Phrase grounding data

-=-=-

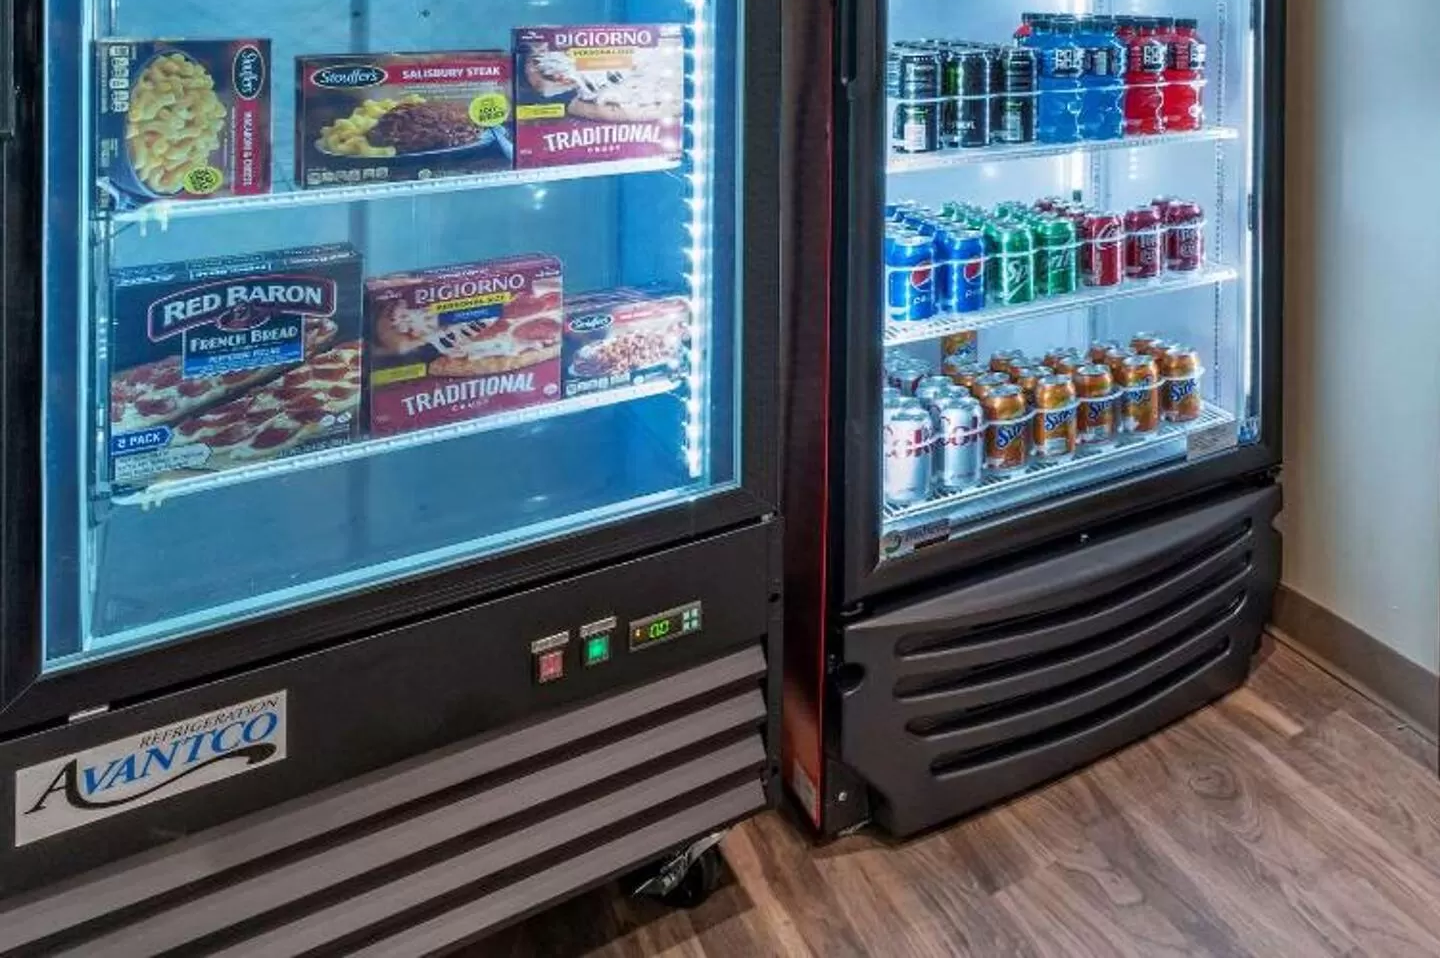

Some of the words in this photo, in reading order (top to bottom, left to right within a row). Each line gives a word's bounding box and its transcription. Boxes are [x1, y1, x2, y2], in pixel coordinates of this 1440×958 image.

[555, 29, 652, 47] DIGIORNO
[319, 67, 380, 85] Stouffer's
[402, 68, 464, 80] SALISBURY
[466, 65, 501, 77] STEAK
[543, 123, 662, 153] TRADITIONAL
[414, 273, 525, 304] DIGIORNO
[163, 294, 222, 327] RED
[226, 285, 323, 308] BARON
[189, 332, 247, 353] FRENCH
[250, 325, 298, 344] BREAD
[401, 372, 537, 416] TRADITIONAL
[138, 695, 280, 748] REFRIGERATION
[24, 711, 278, 815] AVANTCO
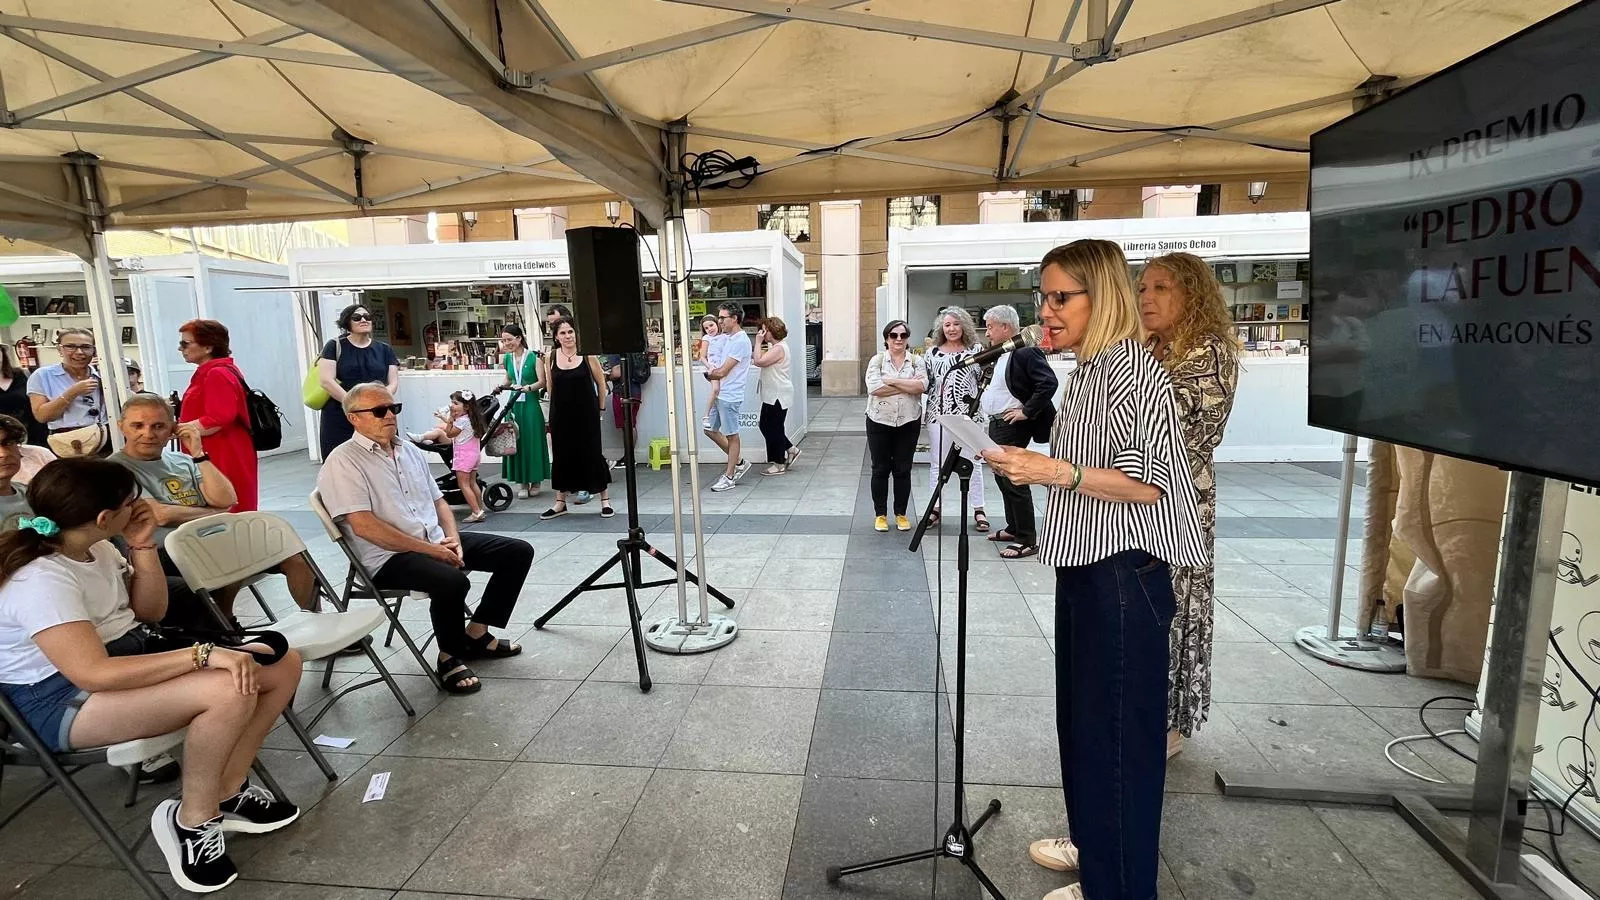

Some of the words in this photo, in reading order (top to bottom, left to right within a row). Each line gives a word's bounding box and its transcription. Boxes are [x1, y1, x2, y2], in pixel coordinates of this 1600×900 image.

[1408, 146, 1435, 179] IX
[1442, 93, 1586, 170] PREMIO
[1158, 241, 1187, 250] Santos
[1189, 240, 1217, 249] Ochoa
[1418, 323, 1443, 344] EN
[1450, 314, 1593, 345] ARAGONÉS

-=-=-

_Task to carry out_.
Print verbatim every line above, apart from the pictures.

_Exercise output_.
Some of the words in this photo, in reading order (top to bottom, left to right within a row). Each line gives a word's bounding box and its transcription. Boxes are [x1, y1, x2, y2], in pixel coordinates of this 1440×958 image.

[555, 29, 652, 47] DIGIORNO
[319, 67, 380, 85] Stouffer's
[402, 68, 464, 80] SALISBURY
[466, 65, 501, 77] STEAK
[543, 123, 662, 153] TRADITIONAL
[414, 273, 525, 304] DIGIORNO
[163, 294, 222, 327] RED
[226, 285, 323, 308] BARON
[189, 332, 247, 353] FRENCH
[250, 325, 298, 344] BREAD
[401, 372, 537, 416] TRADITIONAL
[138, 695, 280, 748] REFRIGERATION
[24, 711, 278, 815] AVANTCO

Some of the words in this photo, in reading order (top to bottom, left to right within a row). Each line gives a word's bounding box and its transcription. Boxes are [x1, y1, x2, y2], in pixel coordinates of this 1600×900 image.

[1408, 146, 1435, 179] IX
[1442, 93, 1586, 170] PREMIO
[1158, 241, 1187, 250] Santos
[1189, 240, 1217, 249] Ochoa
[1418, 323, 1443, 344] EN
[1450, 314, 1593, 345] ARAGONÉS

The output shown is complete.